Mezzogiorno, l’ulima presa in giro

di Gaetano Pedullà

Il Mezzogiorno può attendere. La direzione Pd che doveva consegnarci miracolistiche ricette per far ripartire il Sud è finita nella solita passerella di dirigenti e governatori. Fiumi di parole e nessun fatto concreto. Unica novità: a settembre quando il Partito avrà preso atto del problema ci tirerà fuori un bel masterplan. Tradotto: l’ennesimo progetto, con una definizione inglese (che fa più figo) pieno di cose da fare e che chissà perché nessuno ha fatto. Ma l’assurdità, oltre ai concetti banali sentiti ieri, è che al Pd serva ancora tempo per predisporre un piano.

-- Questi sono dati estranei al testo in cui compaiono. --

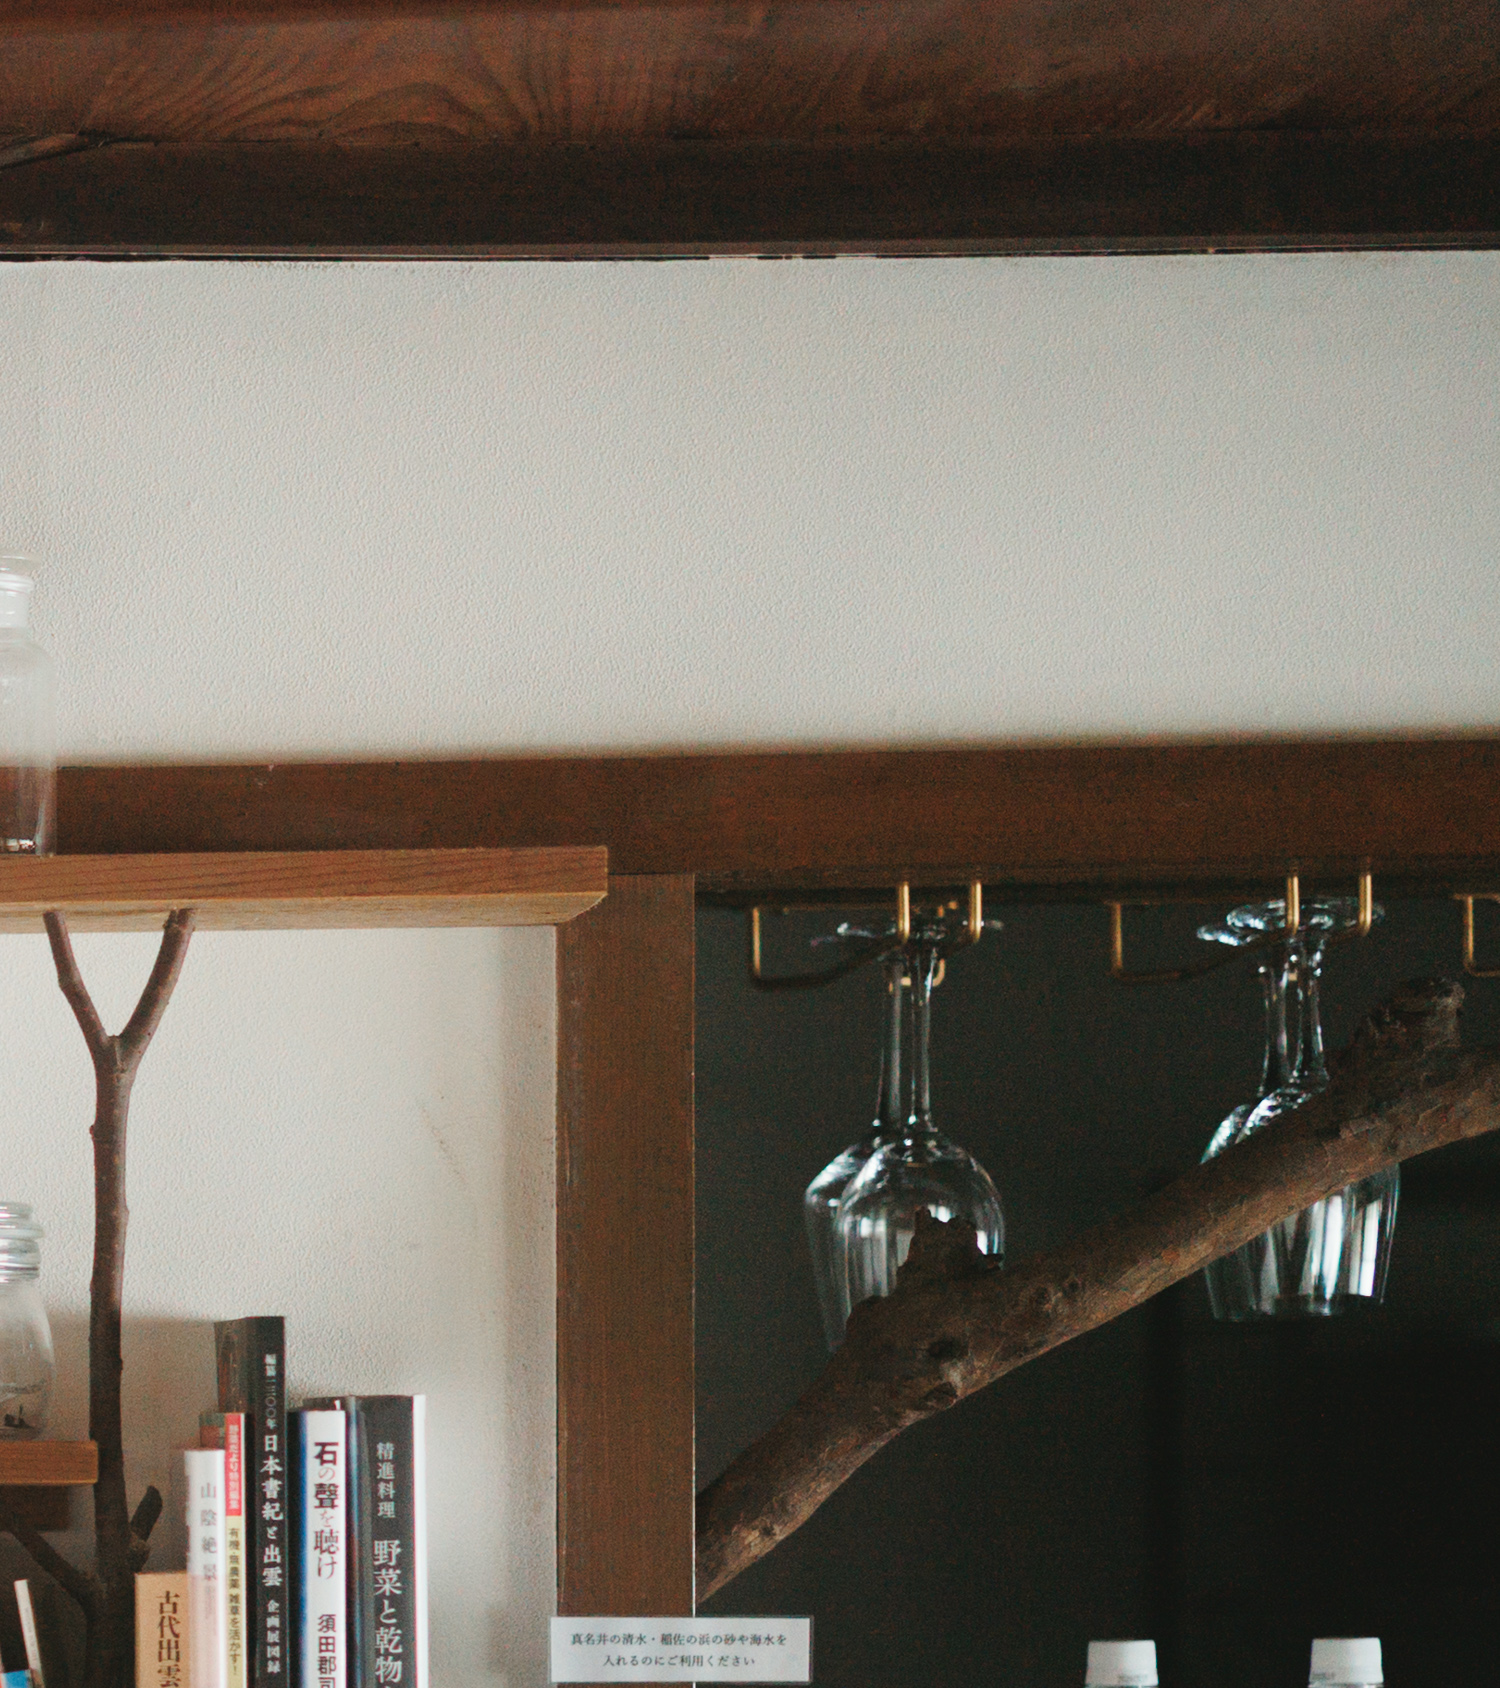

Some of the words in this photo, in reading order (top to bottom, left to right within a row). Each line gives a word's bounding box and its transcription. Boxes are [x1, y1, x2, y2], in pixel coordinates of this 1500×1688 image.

[260, 1434, 284, 1587] 日本書紀と出雲
[313, 1441, 340, 1580] 石の聲を聴け
[376, 1441, 396, 1519] 精進料理
[602, 1655, 756, 1667] 入れるのにご利用ください

Come se la questione meridionale fosse una tegola caduta in testa all’improvviso. Dall’unità d’Italia a oggi questo Partito dove ha vissuto? Per questo l’improvvisa attenzione verso la metà del Paese ormai in ginocchio da decenni sa terribilmente di presa in giro. Una sceneggiata servita al premier per dare un contentino ai governatori eretici e smentire i Saviano di turno che accusano la politica nazionale di aver dimenticato il Sud. Regioni prese da sempre per il culo. La pantomima di ieri ce la potevano davvero evitare.